Top of Dataset entries
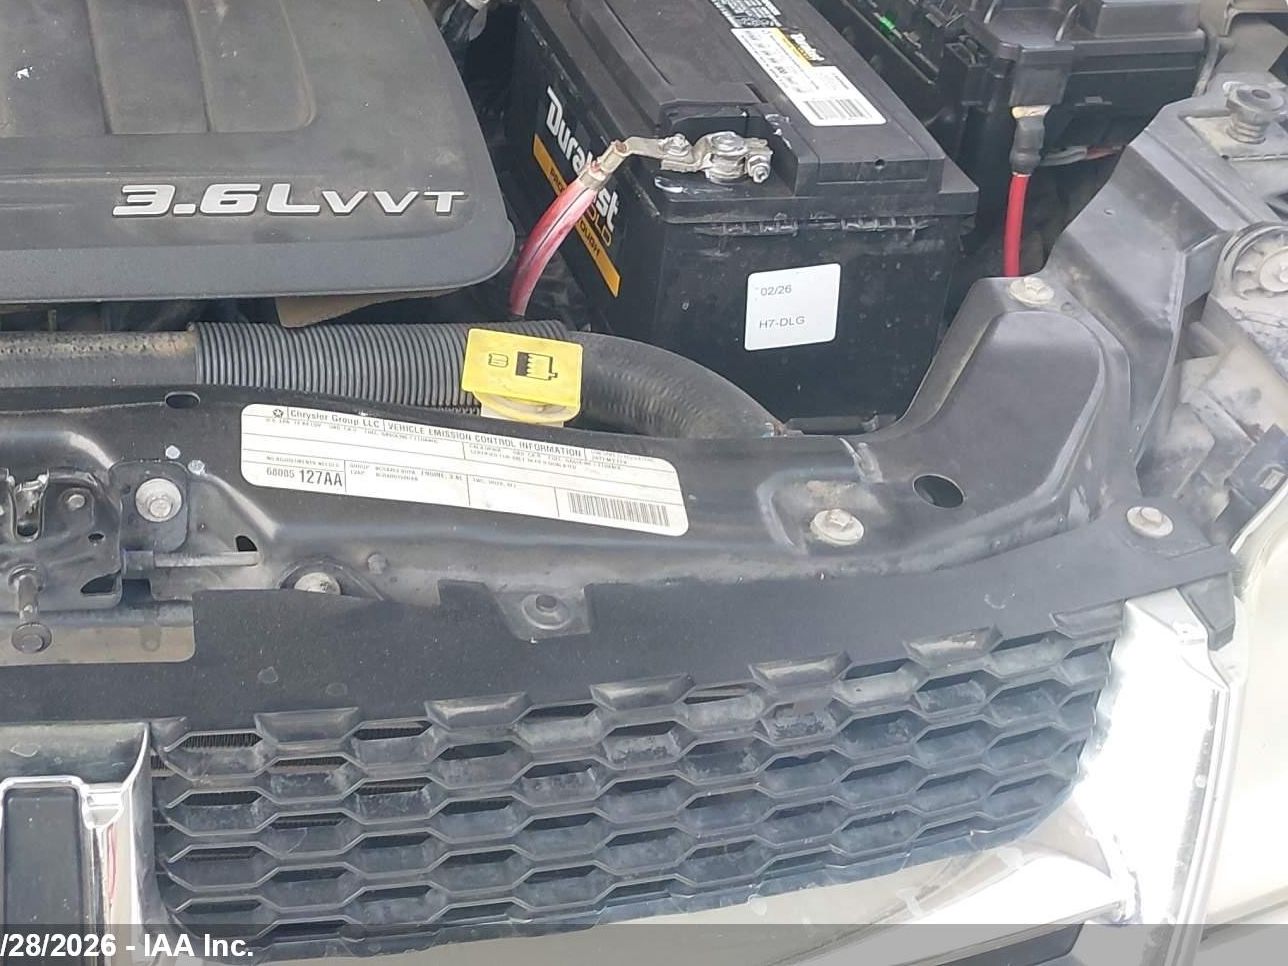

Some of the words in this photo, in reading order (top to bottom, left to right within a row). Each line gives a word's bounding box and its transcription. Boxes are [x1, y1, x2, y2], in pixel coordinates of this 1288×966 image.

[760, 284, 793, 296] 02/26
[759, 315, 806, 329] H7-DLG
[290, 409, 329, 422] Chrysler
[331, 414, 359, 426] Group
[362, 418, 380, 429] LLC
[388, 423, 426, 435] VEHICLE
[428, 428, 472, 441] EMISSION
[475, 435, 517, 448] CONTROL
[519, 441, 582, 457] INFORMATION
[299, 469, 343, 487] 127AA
Bottom of Dataset entries
- _Task instructions_
Without the pictures, give every line of the data again, exactly as written.

- _Exercise solution_
Some of the words in this photo, in reading order (top to bottom, left to right within a row). Each line gives a word's bounding box and its transcription. Boxes are [x1, y1, x2, y2], in pixel coordinates of this 1288×966 image.

[760, 284, 793, 296] 02/26
[759, 315, 806, 329] H7-DLG
[290, 409, 329, 422] Chrysler
[331, 414, 359, 426] Group
[362, 418, 380, 429] LLC
[388, 423, 426, 435] VEHICLE
[428, 428, 472, 441] EMISSION
[475, 435, 517, 448] CONTROL
[519, 441, 582, 457] INFORMATION
[299, 469, 343, 487] 127AA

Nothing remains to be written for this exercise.